The coalition said intelligence suggested there was a heavy concentration of Taliban in Musa Qala and that the insurgents would stay "stay and defend the area rather than use their normal hit-and-run tactics."
In neighbouring Kandahar, the province where the Taliban first rose to power in the 1990s, rebels attacked a police post overnight, sparking heavy fighting, provincial police chief Sayed Aqa Saqib told AFP.
In a separate incident at about the same time the insurgents attacked security forces in Kandahar's Khakraiz district, leaving three policemen wounded and causing an unknown number of Taliban casualties, said Saqib.
Meanwhile; A top South Korean envoy headed to Afghanistan on Thursday, scrambling to save 22 of his country's citizens held captive by Taliban kidnappers after the militants killed one hostageHowever, a local police chief said that the negotiations with the captors were difficult because their demands were unclear.
On Wednesday, authorities found the bullet-riddled body of 42-year-old Bae Hyung-kyu in Qarabagh district of Ghazni province, where the South Koreans were abducted July 19. Church officials said he was killed on his birthday.
Bae was found with 10 bullet holes in his head, chest and stomach, said Abdul Rahman, a police officer. Another Afghan police official, who asked not to be identified because of the sensitivity of the situation, said militants told him the hostage was sick and couldn't walk and was therefore shot.
Bae's mother, 68-year-old Lee Chang-suk, broke into tears as she watched the televised government announcement of her son's death.
The kidnappers "will be held accountable for taking the life of a Korean citizen," Baek Jong-chun, South Korea's chief presidential secretary for security affairs, said in a statement before departing for Afghanistan to consult with top Afghan officials on how to secure the release of the remaining captives.
After conflicting reports Wednesday from Western and Afghan officials that possibly eight of the other hostages had been released, South Korean presidential spokesman Chun Ho-sun said the 22 were still believed held but were not suffering from health problems.
Qari Yousef Ahmadi, a purported Taliban spokesman, said all 22 hostages were fine but claimed that Afghan authorities were not allowing South Korean officials to negotiate directly with the militants.
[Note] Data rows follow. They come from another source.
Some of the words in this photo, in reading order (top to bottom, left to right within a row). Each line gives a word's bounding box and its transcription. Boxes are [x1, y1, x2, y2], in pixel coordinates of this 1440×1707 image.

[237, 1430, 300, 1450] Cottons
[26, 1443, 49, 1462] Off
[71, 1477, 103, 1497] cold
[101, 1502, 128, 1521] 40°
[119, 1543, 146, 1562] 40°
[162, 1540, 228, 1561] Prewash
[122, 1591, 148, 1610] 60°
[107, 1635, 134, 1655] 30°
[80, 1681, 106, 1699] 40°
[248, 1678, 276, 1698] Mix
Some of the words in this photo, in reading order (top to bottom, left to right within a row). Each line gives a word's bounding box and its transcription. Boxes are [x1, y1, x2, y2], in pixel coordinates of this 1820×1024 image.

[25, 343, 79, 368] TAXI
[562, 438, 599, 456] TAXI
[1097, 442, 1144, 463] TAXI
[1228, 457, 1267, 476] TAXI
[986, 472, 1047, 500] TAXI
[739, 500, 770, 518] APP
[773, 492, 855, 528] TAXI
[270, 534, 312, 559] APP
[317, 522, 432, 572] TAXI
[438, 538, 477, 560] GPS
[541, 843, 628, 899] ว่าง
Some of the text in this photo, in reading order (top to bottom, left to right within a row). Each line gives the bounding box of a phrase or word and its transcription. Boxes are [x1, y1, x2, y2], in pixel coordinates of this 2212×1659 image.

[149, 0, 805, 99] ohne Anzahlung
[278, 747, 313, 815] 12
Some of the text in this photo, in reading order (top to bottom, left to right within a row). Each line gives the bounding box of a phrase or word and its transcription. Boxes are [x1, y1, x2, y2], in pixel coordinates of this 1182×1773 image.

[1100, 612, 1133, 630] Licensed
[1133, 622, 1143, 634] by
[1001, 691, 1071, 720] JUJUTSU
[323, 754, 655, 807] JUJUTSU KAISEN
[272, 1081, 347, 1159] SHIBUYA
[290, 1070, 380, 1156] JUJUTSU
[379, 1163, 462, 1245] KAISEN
Chun said South Korean President Roh Moo-hyun had spoken with his Afghan counterpart Hamid Karzai, but did not disclose the contents of their discussion.
Ghazni police chief Ali Shah Ahmadzai said that the Afghan negotiators were speaking with the Taliban over the phone, in a hope of securing the hostages release.
"We will not use force against the militants to free the hostages," he said. "The best way in this case is dialogue."
Ahmadzai said he was hopeful about reaching "some sort of deal for the release of six up to eight people" later Thursday, without giving an explanation for his optimism.
Chun said that both governments were cooperating and that an Afghan official had told South Korea earlier Thursday that Kabul intended to negotiate with the Taliban. He said Seoul was aware of the Taliban's current demands but declined to specify them.
Seoul also repeated its call that no rescue mission be launched that could endanger the captives further.
Marajudin Pathan, the governor of Ghazni province, said militants have given a list of eight Taliban prisoners who they want released in exchange for eight Koreans.
An Afghan official involved in the negotiations earlier said a large sum of money would be paid to free eight of the hostages. The official also spoke on condition he not be identified, citing the matter's sensitivity. No other officials would confirm this account.
Foreign governments are suspected to have paid for the release of hostages in Afghanistan in the past, but have either kept it quiet or denied it outright. The Taliban at one point demanded that 23 jailed militants be freed in exchange for the Koreans.
The South Koreans, including 18 women, were kidnapped while on a bus trip through Ghazni province on the Kabul-Kandahar highway, Afghanistan's main thoroughfare.